Sion Sono cultive un cinéma résolument excessif et hybride, mêlant volontiers l'ultraviolence, la comédie, le mélodrame et une réflexion sociale acerbe au sein d'un même film, une signature qui lui vaut d'être qualifié de cinéaste le plus subversif du cinéma japonais contemporain. Il occupe souvent lui-même plusieurs postes techniques sur ses tournages, assurant la composition musicale ou la photographie de certains de ses films comme Strange Circus, ce qui lui confère un contrôle artistique total et singulier. Sa prolixité extraordinaire, avec plus de cinquante films réalisés en une carrière, s'accompagne d'une capacité à tourner très rapidement, parfois plusieurs films par an, sans jamais renoncer à une ambition formelle marquée, comme en témoigne le format de quatre heures de Love Exposure. Sa poésie originelle continue d'infuser ses dialogues et sa construction narrative, donnant à ses films les plus violents une dimension lyrique inattendue.
Sion Sono n'a pas encore été distingué par les grandes cérémonies occidentales comme les Oscars, mais son œuvre a été maintes fois primée en festivals internationaux, à commencer par Love Exposure, présenté au Festival international du film de Tokyo FILMeX puis distingué dans de nombreux festivals à travers le monde comme l'une des œuvres majeures du cinéma japonais des années 2000. Il reçoit également des distinctions à des festivals de genre comme Fantasia, où il obtient le prix du film révolutionnaire et le Ground-Breaker d'argent. Ses films Suicide Club, Cold Fish et Why Don't You Play in Hell? sont régulièrement cités parmi les œuvres les plus marquantes du cinéma extrême international des deux dernières décennies.

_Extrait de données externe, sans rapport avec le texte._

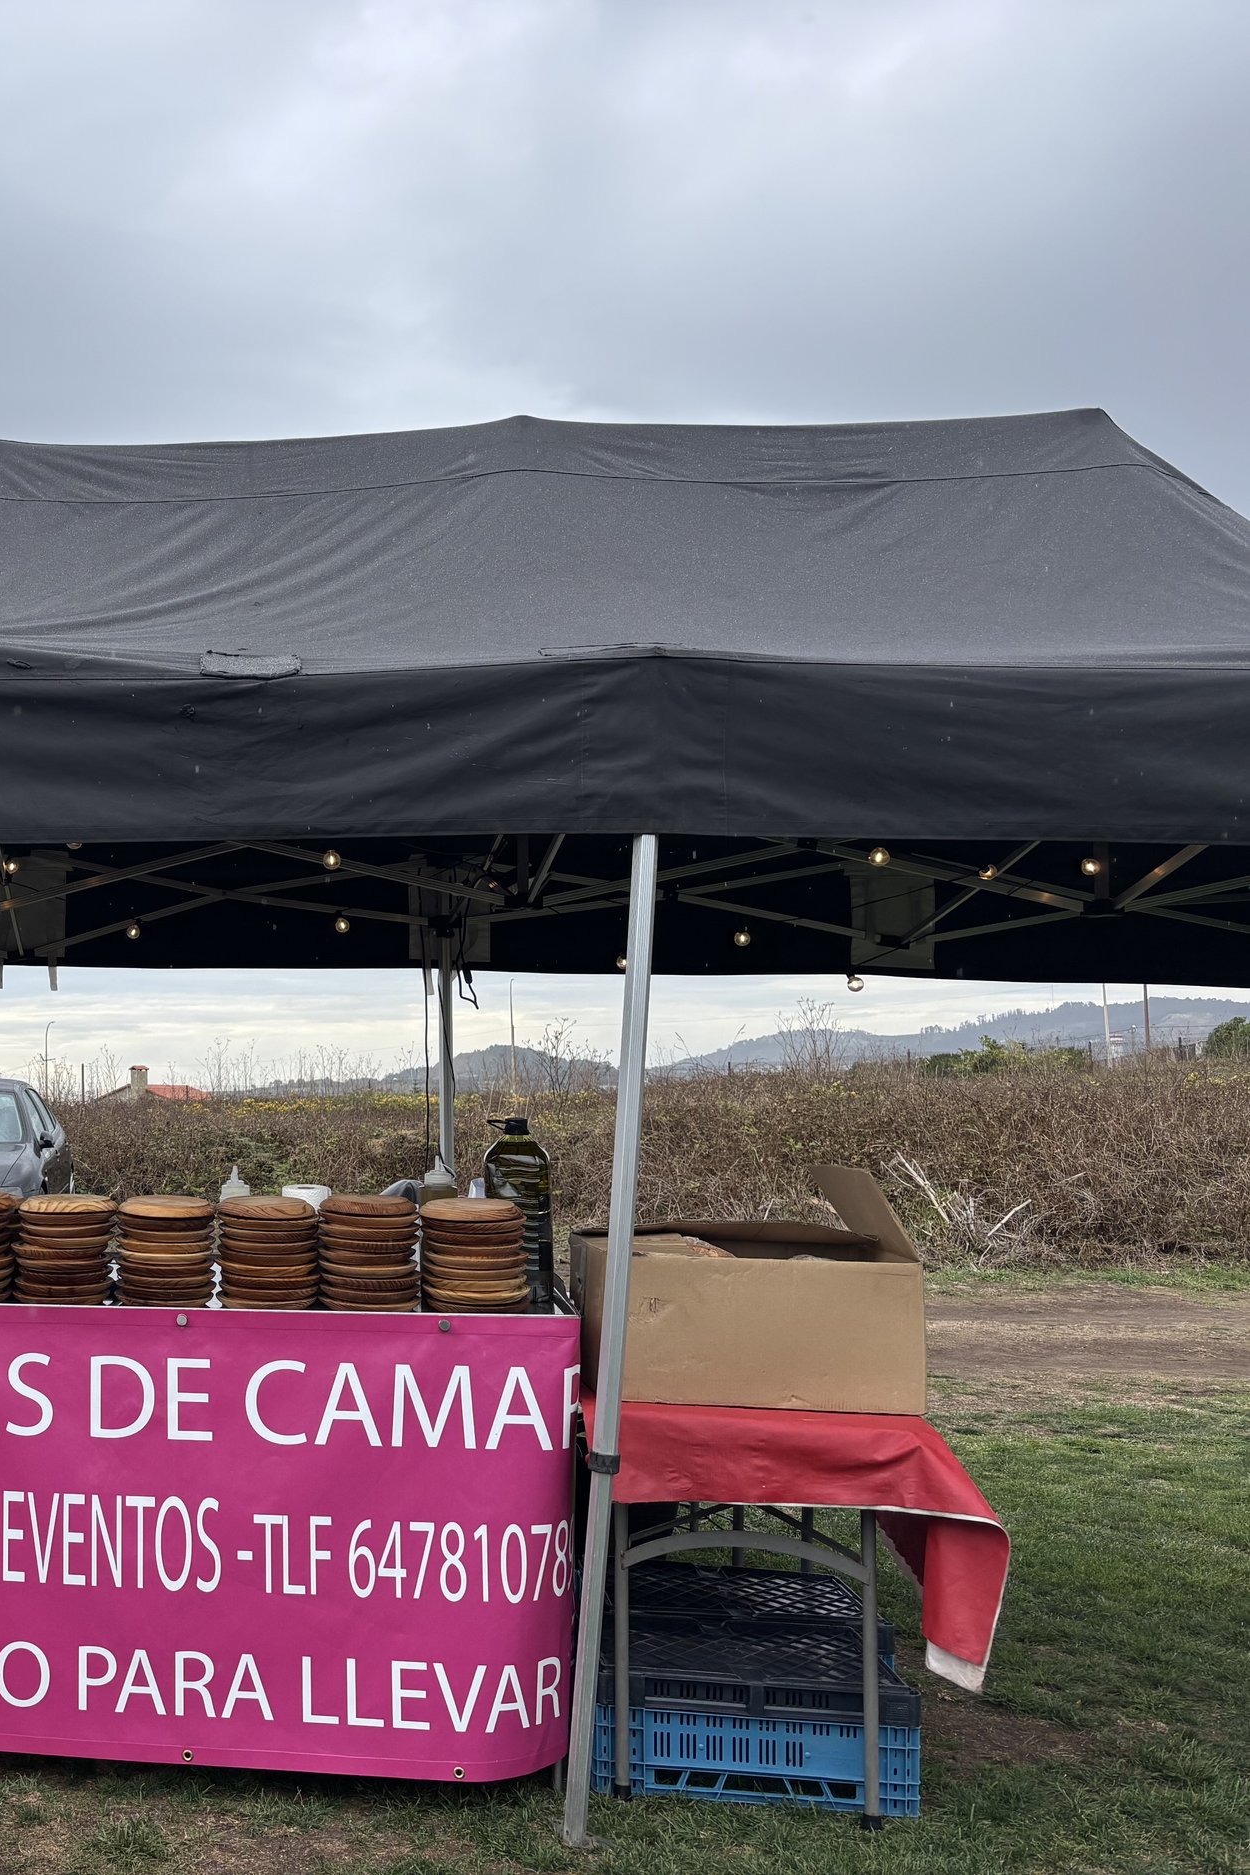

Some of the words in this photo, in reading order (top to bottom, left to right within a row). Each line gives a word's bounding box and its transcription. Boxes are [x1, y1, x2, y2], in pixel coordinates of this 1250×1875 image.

[90, 1356, 213, 1442] DE
[3, 1491, 222, 1593] EVENTOS
[79, 1646, 274, 1721] PARA
[302, 1656, 561, 1734] LLEVAR

L'actrice Megumi Kagurazaka, devenue son épouse en 2011, apparaît dans plusieurs de ses films les plus personnels. Nicolas Cage, tête d'affiche de Prisoners of the Ghostland, premier long métrage tourné en langue anglaise par le cinéaste, se dit admirateur de longue date de son œuvre, en particulier d'Antiporno et de Noriko's Dinner Table. Le compositeur Tomohide Harada signe la musique de Love Exposure, tandis que le producteur Nate Bolotin, de la société XYZ Films, accompagne plusieurs de ses projets les plus internationaux, dont Prisoners of the Ghostland.
Le fanatisme et les logiques de groupe, souvent liées à une quête désespérée de sens ou de reconnaissance sociale, structurent l'ensemble de son œuvre, de Suicide Club à Love Exposure. La condition des femmes dans la société japonaise contemporaine, envisagée à travers le prisme de la sexualité, de la violence conjugale ou de la marginalisation sociale, occupe une place centrale dans des films comme Guilty of Romance ou Tag. La folie et le sectarisme religieux, déjà présents dans Love Exposure, reviennent régulièrement comme des motifs structurants de ses récits les plus ambitieux. Enfin, depuis sa crise cardiaque de 2019, la question de la survie et du sursis, envisagée avec une énergie renouvelée, irrigue directement ses films les plus récents comme Red Post on Escher Street.